Roasted Chicken

Recipe from Aaron Allen, Chef du Cuisine at Autumn, Nemacolin

One of the most popular dishes at Autumn is our Roasted Chicken. We’re very proud of this dish as we’re showcasing ingredients from a local partner, Footprints Farm. They raise beautiful chickens and grow some incredible produce, so our dish features local products within a French Moroccan flavor profile.

  1. We butcher the birds in house and leave the drumette on. This cut is referred to as “Frenched” or “airline breast.” We brine the birds in a mixture of salt, sugar, onions, garlic, herbs, and citrus for 12 hours. Then we make a compound butter stuffing from tempered butter, bread crumbs, raw garlic, raw shallots, caramelized shallots, Dijon mustard, roasted garlic puree, salt, thyme, and parsley. We cool this until solid, then we stuff it under the skin of the breasts and reserve until service.
  2. When we fire the chicken to order, we simply season the outer skin with a little salt and pepper and roast in a convection oven at 400 degrees until cooked through and golden brown (15-18 minutes for individual breast. Cook to an internal temperature of 165 degrees). The sugar in the brine allows a perfect golden crispy skin to develop without pan searing. As the butter melts, the breadcrumbs hold all of the flavor and it effectively bastes the chicken as it cooks. The stuffing puffs up and is quite delicious by itself.
  3. We pair the chicken with an Israeli couscous, which is a small pearl pasta made from wheat flour. We par cook this prior to service and, on order, we brown a slightly spicy Italian sausage in the pan, then add couscous, roasted garlic puree, and Dijon mustard. This all marries into a delicious and savory starch for the dish.

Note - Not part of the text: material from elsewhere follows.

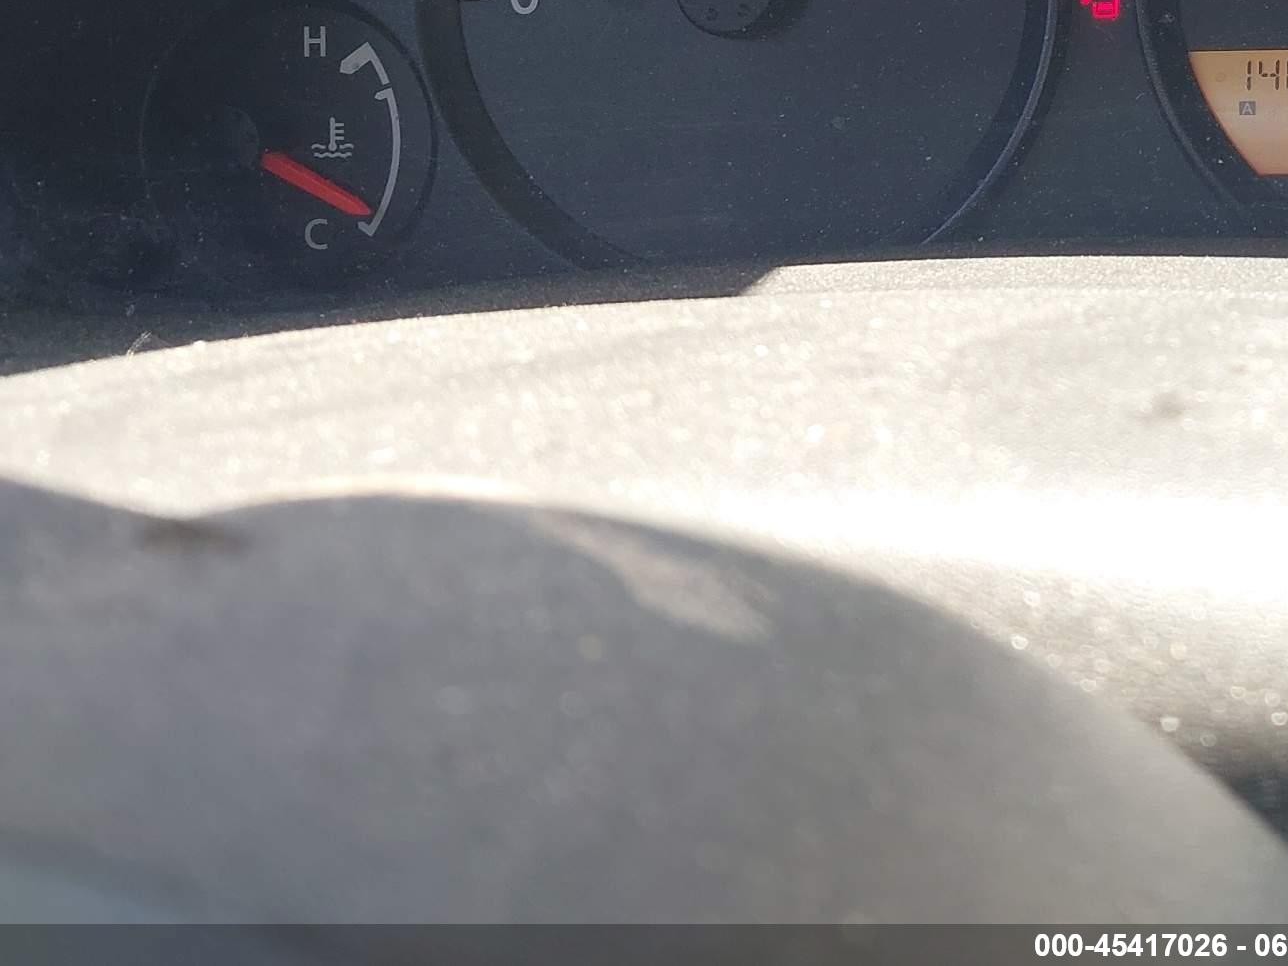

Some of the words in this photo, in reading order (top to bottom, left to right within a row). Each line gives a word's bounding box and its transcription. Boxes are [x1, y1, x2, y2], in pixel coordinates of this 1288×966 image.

The sauce for the dish is a classic sherry reduction made from aromatics, sherry and a mixture of poultry and veal stock.

Just before serving, we finish the dish with some beautiful oven-roasted cherry tomatoes, a couple slivers of an incredibly sweet medjool date, and some roasted grilled spring onions from Footprints Farm.

With a little preparation and effort, you can make a similar dish at home. It’s probably a few more steps — and ingredients — than your average dinner, but that’s because this isn’t your average dinner. It’s one that’s absolutely guaranteed to impress your guests. This meal will serve 8-10 people, so be sure to invite a crowd.

Brine for Chicken


1 gallon water 1 gallon ice 1 cup salt ¾ cup sugar 1 medium onion, rough chopped 4 bay leaves 1 tablespoon black peppercorns 2 lemons, zested and juiced 5 cloves garlic 1 bunch thyme


1. Bring all ingredients except ice to a boil, then reduce to a simmer for 20 minutes.

2. Strain liquid through a fine mesh strainer or china cap into a large container with the gallon of ice. The ice cools it immediately, so you can use the brine without waiting.

3. Submerge your chickens for up to 24 hours.

Compound Butter for Chicken


1 pound butter, softened 2 tablespoons roasted garlic, pureed 2 tablespoons julienned shallot, caramelized 2 tablespoons Dijon mustard 2 tablespoons garlic salt or paste 2 tablespoons shallot, brunoised (finely diced) ½ cup panko bread crumbs 1 cup thyme, minced 1 cup parsley, minced Salt and pepper to taste


1. Combine all ingredients with a large electric mixer using the paddle attachment.

Sherry Reduction


1 cup shallots, roughly chopped 1 cup garlic, roughly chopped 1 large bunch thyme 3 tablespoons peppercorns 10 bay leaves, crushed 2 quarts (2 bottles) sherry, reduced by half 2 cups Dijon mustard 4 quarts poultry stock 3 quarts veal stock


1. Sweat shallots, garlic, and thyme in a little salad oil until translucent and tender.

2. Add peppercorns, bay leaves, and sherry.

3. Reduce sherry by half, then add poultry and demi at the same time.

4. Reduce to desired consistency.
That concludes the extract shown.